━━━ EXTRACTED RECORDS
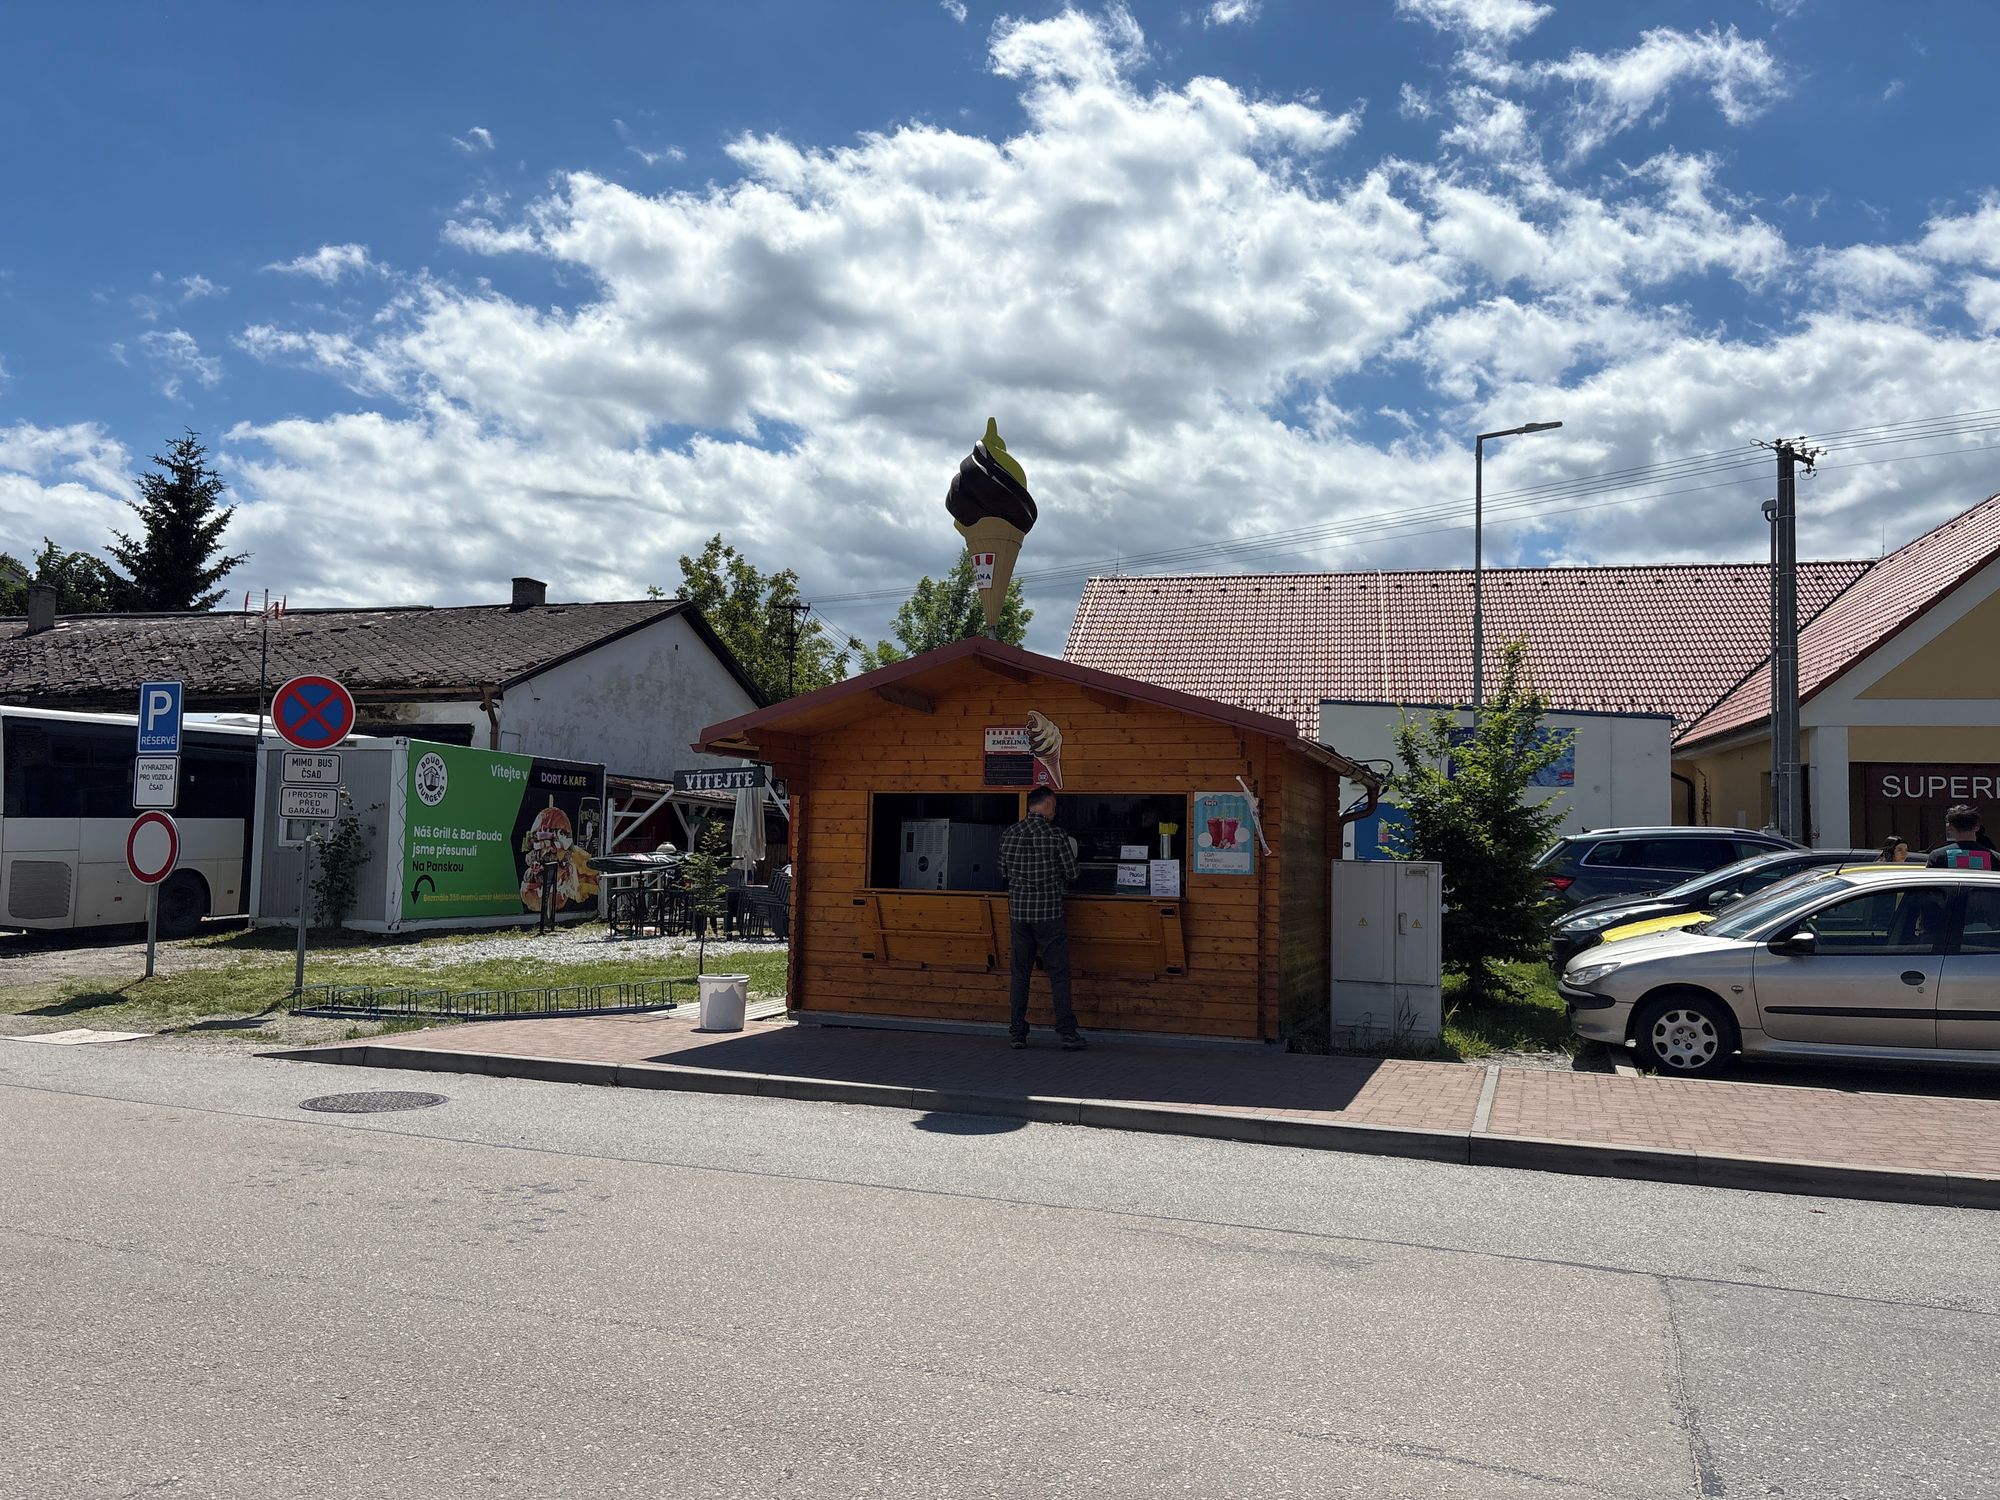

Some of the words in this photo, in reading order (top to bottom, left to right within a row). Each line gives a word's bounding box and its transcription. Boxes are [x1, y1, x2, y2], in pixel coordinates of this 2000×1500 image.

[148, 690, 172, 730] P
[141, 734, 176, 745] RÉSERVÉ
[141, 763, 173, 771] VYHRAZENO
[292, 758, 312, 767] MIMO
[317, 758, 333, 768] BUS
[420, 756, 443, 770] BOUDA
[139, 773, 151, 781] PRO
[152, 773, 173, 781] VOZIDLA
[301, 768, 321, 779] ČSAD
[491, 765, 521, 782] Vítejte
[522, 770, 528, 780] v
[541, 772, 561, 785] DORT
[562, 775, 569, 785] &
[569, 774, 587, 786] KAFE
[684, 770, 754, 789] VÍTEJTE
[149, 782, 164, 791] ČSAD
[1882, 775, 2000, 799] SUPER
[292, 791, 328, 799] PROSTOR
[418, 784, 446, 802] BURGERS
[299, 798, 321, 806] PŘED
[288, 806, 329, 815] GARÁŽEMI
[414, 826, 432, 838] Náš
[433, 827, 450, 839] Grill
[452, 831, 459, 840] &
[460, 829, 475, 841] Bar
[476, 829, 502, 841] Bouda
[412, 844, 435, 858] jsme
[436, 843, 477, 858] přesunuli
[412, 861, 424, 871] Na
[426, 861, 464, 872] Panskou
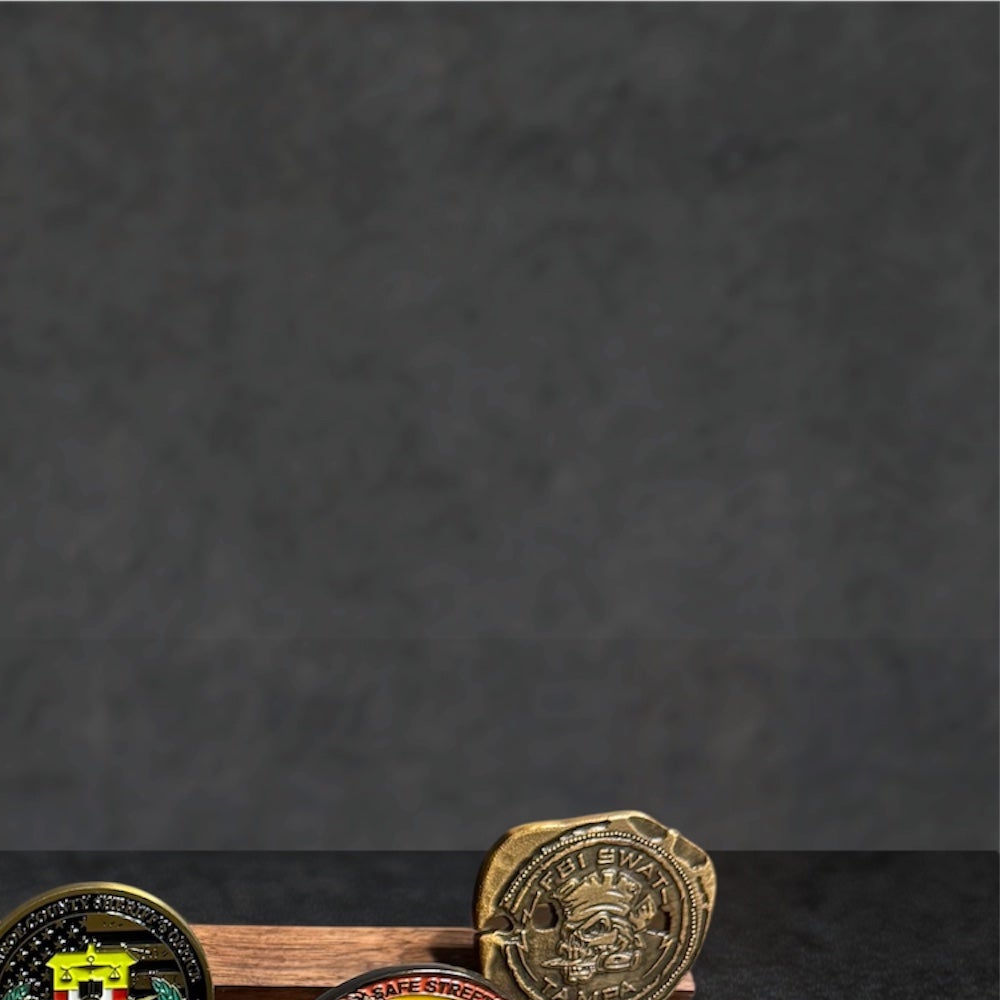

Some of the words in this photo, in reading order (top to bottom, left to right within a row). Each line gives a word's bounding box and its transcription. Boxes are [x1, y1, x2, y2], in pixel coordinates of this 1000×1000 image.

[539, 852, 587, 892] FBI
[597, 848, 669, 889] SWAT
[372, 979, 421, 999] SAFE
━━━━━━
YOUR ASSIGNMENT: Set down every record above exactly as it stands, but skip the pictures.

YOUR RESPONSE:
Some of the words in this photo, in reading order (top to bottom, left to right within a row). Each line gives a word's bounding box and its transcription. Boxes are [x1, y1, x2, y2], in pixel coordinates of this 2000×1500 image.

[148, 690, 172, 730] P
[141, 734, 176, 745] RÉSERVÉ
[141, 763, 173, 771] VYHRAZENO
[292, 758, 312, 767] MIMO
[317, 758, 333, 768] BUS
[420, 756, 443, 770] BOUDA
[139, 773, 151, 781] PRO
[152, 773, 173, 781] VOZIDLA
[301, 768, 321, 779] ČSAD
[491, 765, 521, 782] Vítejte
[522, 770, 528, 780] v
[541, 772, 561, 785] DORT
[562, 775, 569, 785] &
[569, 774, 587, 786] KAFE
[684, 770, 754, 789] VÍTEJTE
[149, 782, 164, 791] ČSAD
[1882, 775, 2000, 799] SUPER
[292, 791, 328, 799] PROSTOR
[418, 784, 446, 802] BURGERS
[299, 798, 321, 806] PŘED
[288, 806, 329, 815] GARÁŽEMI
[414, 826, 432, 838] Náš
[433, 827, 450, 839] Grill
[452, 831, 459, 840] &
[460, 829, 475, 841] Bar
[476, 829, 502, 841] Bouda
[412, 844, 435, 858] jsme
[436, 843, 477, 858] přesunuli
[412, 861, 424, 871] Na
[426, 861, 464, 872] Panskou

Some of the words in this photo, in reading order (top to bottom, left to right within a row). Each line gives a word's bounding box and its transcription. Boxes are [x1, y1, x2, y2], in pixel coordinates of this 1000×1000 image.

[539, 852, 587, 892] FBI
[597, 848, 669, 889] SWAT
[372, 979, 421, 999] SAFE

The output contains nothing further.